Lev Davidovich Landau

  

 (1908 - 1968)

No dia 7 de janeiro de 1962, chegou ao hospital de Moscou uma vítima de um desastre automobilístico. Ela perdera bastante sangue, sofrera onze fraturas e dezessete lesões graves no coração, pulmões, cérebro, rins e sistema nervoso central. Parecia haver pouca esperança, mas os melhores médicos da União Soviética se empenharam em salvar o que lhe restava de vida.

Durante vários dias, Lev Landau, na época um dos maiores físicos teóricos do mundo, permaneceu em estado de coma, e remia-se que não tivesse possibilidade de recobrar suas faculdades mentais.

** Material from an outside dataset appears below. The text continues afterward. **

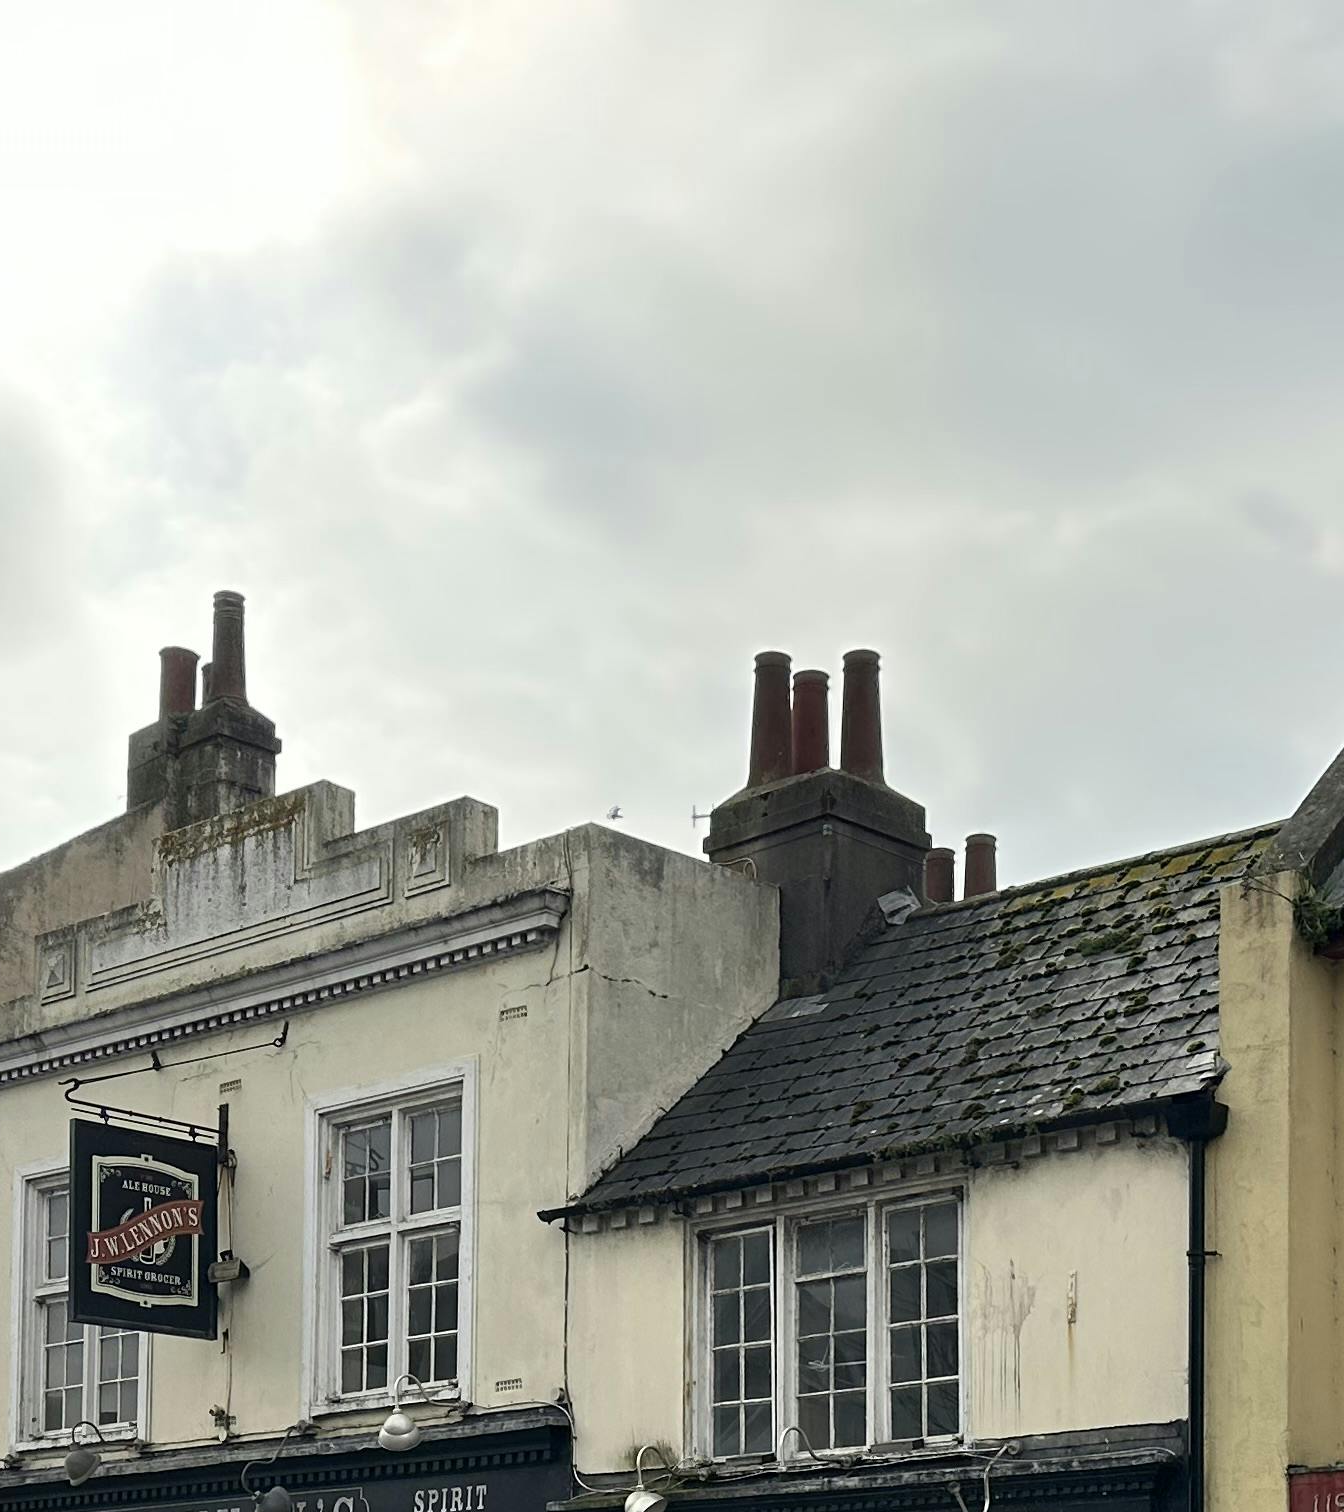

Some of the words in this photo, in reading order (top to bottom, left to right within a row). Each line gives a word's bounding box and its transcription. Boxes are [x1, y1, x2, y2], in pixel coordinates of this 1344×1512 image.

A notícia logo se espalhou, e a consternação invadiu os círculos científicos de todo o mundo; cartas e telegramas chegavam a Moscou às centenas, pedindo informações e manifestando desejos de restabelecimento do acidentado.

Além de o estado geral ser muito ruim, seu organismo não respondia ao tratamento dos antibióticos aplicados que ele estava habituado a tomar. Assim, foi preciso buscar medicamentos no exterior: um avião britânico especialmente fretado transportou a Copenhague um novo tipo de antibiótico, que podia combater a infecção que se alastrava; de lá, o remédio foi levado a Moscou. Mas outros problemas dificultavam o restabelecimento do paciente: o número de fraturas era muito grande, e qualquer tentativa de colocar os ossos na posição correta poderia piorar as coisas. Os médicos, então, deixaram que os ossos se soldassem nas posições em que estavam, com o intuito de, mais tarde, corrigir a situação.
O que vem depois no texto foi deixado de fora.